Fuimos de la generación del noventa y por aquél entonces, sin tecnología ni pantallas táctiles, nuestra única recreación era disfrutar de la hierba crecida y de los partidos de fulbito en la loza deportiva del instituto pedagógico en la ciudad de Ripán. Éramos todos precarios y teníamos tan pocas cosas para ser felices que nos conformábamos con reencontrarnos cada tarde y disponer entre amigos de aquél lugar que se había convertido en nuestro segundo hogar; pero, como nada es perfecto, teníamos un villano conocido: don Pancho, el portero de la institución, que andaba con una fiera canina de bozal y amenazaba a todos con soltarlo para que nos atacara, a ver si así aprendíamos la lección de no ingresar al lugar por la pared de atrás.
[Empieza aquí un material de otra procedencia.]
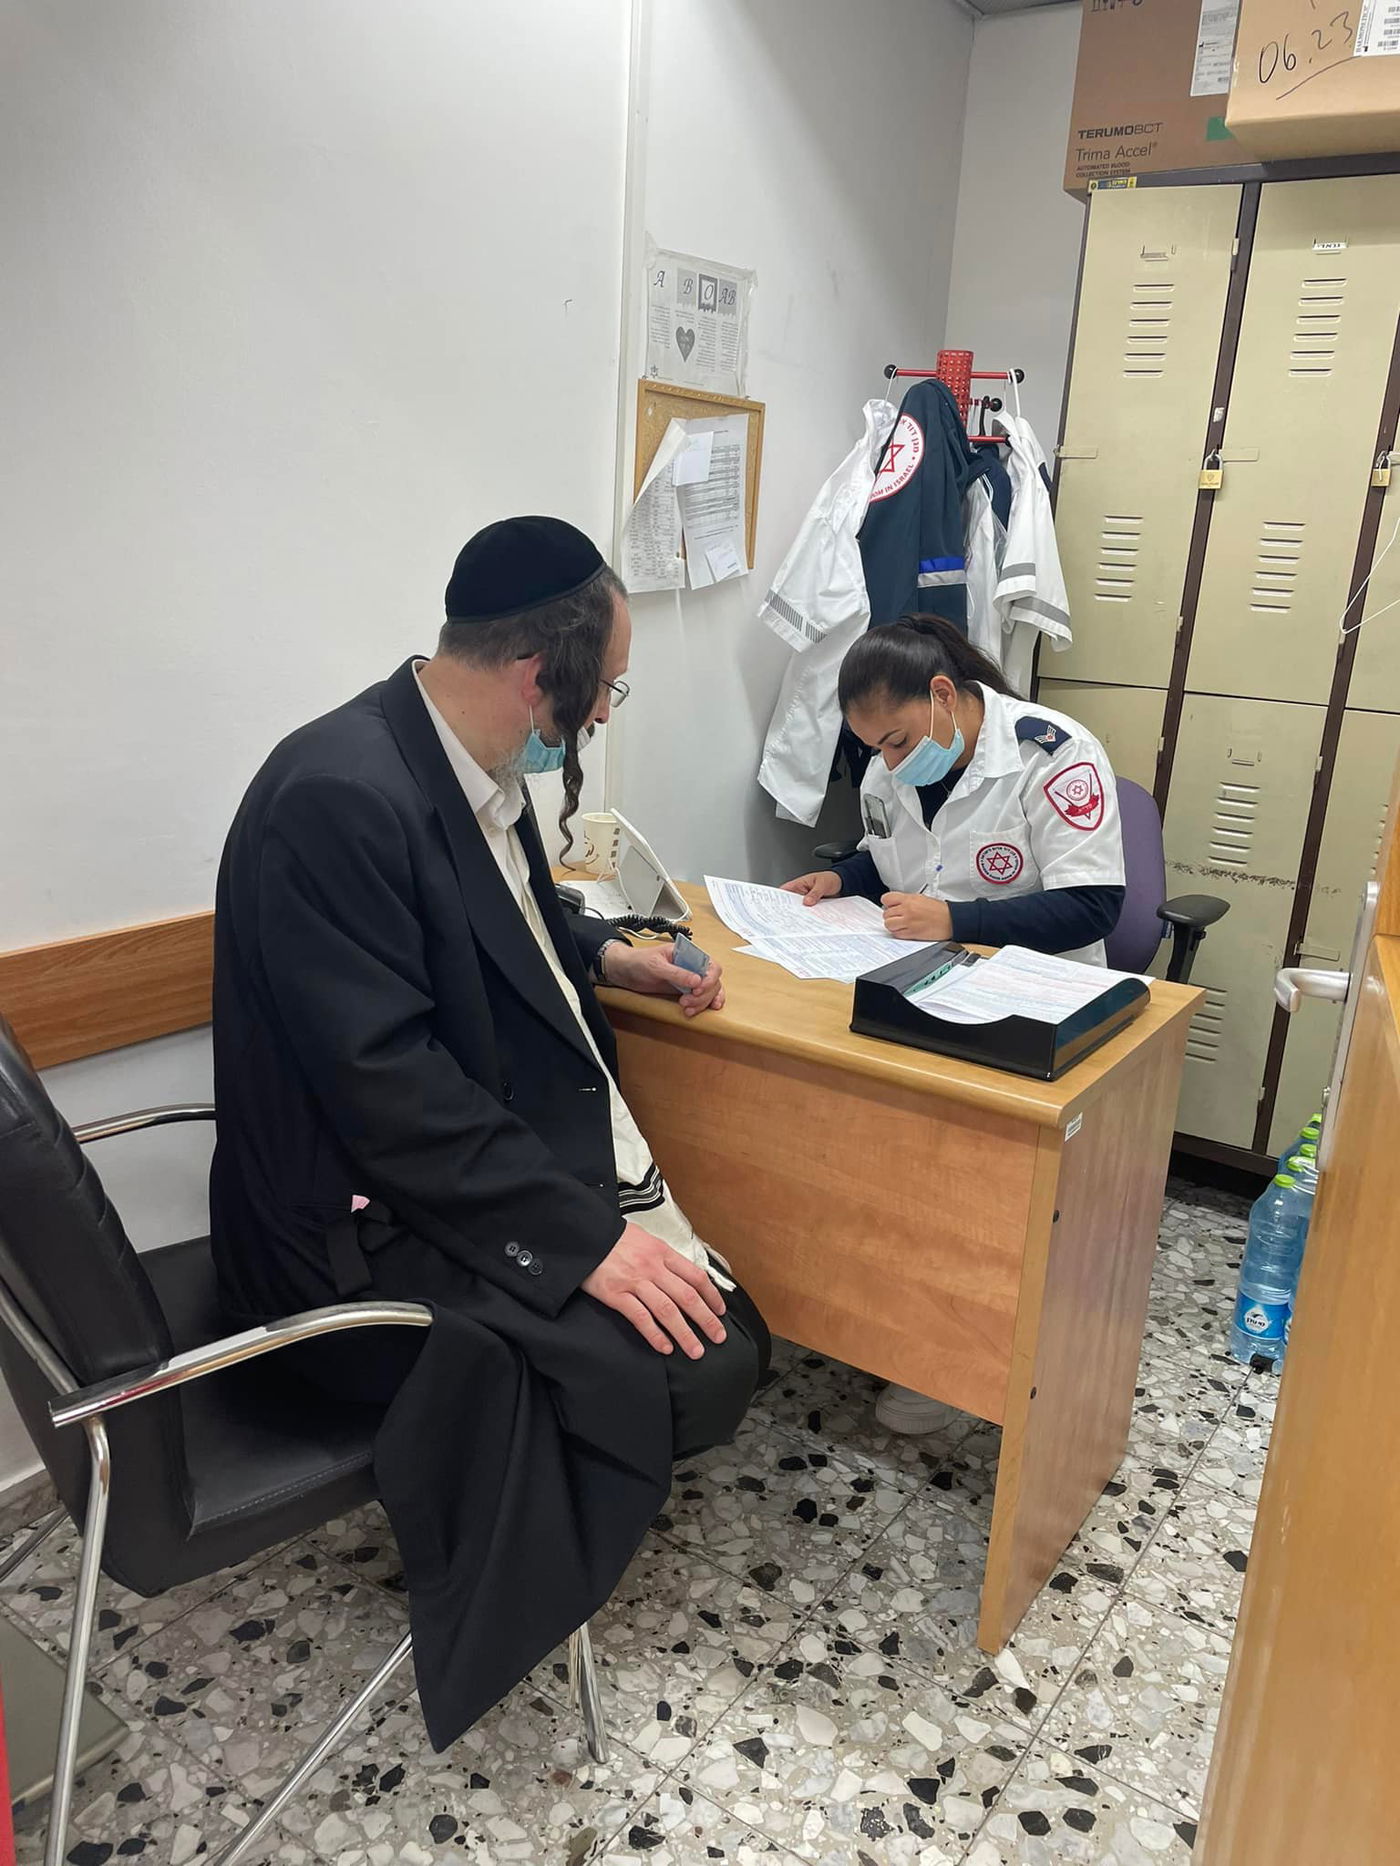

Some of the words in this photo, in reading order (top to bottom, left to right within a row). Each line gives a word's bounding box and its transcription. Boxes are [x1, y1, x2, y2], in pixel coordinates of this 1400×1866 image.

Suponíamos que se llamaba Francisco, pero todos le decían don Pancho. Era malo, por llamarlo así, pero sus hijos bien formados y respetuosos, más por miedo que por otra cosa. El viejo andaba en bicicleta de su casa al instituto; un día que un camión retrodecedía lo tomó desprevenido y le pisó la pierna derecha que crujió al viento y quedó totalmente triturada, lo salvó de la amputación un pedazo de piel que resistió hasta el final; a partir de ese momento don Pancho se convirtió en otra persona, se fue haciendo peor, era intratable, bebía, insultaba, sobre todo a las mujeres, algo que le hizo un cobarde sin reparos; en el instituto por las tardes nos soltaba a los perros encima que felizmente llevaban bozales, los niños más pequeños quedaban horrorizados con los canes sobre ellos; en el horario académico era otro inhumano desde la puerta, algunas estudiantes del instituto le suplicaban salir un rato para dar de lactar a sus bebés que lloraban de hambre, a él no le importaba y las trataba de putas por tener hijos a temprana edad y sin culminar la carrera: mi madre era una de ellas.
En un tiempo se le empezó a ver con una biblia en la mano, asistía a una iglesia, hablaba de Dios y de la vida después de la muerte, nosotros pedíamos que no espere hasta entonces para ser buena persona; no mucho después su fe recayó y continuó en la bebida.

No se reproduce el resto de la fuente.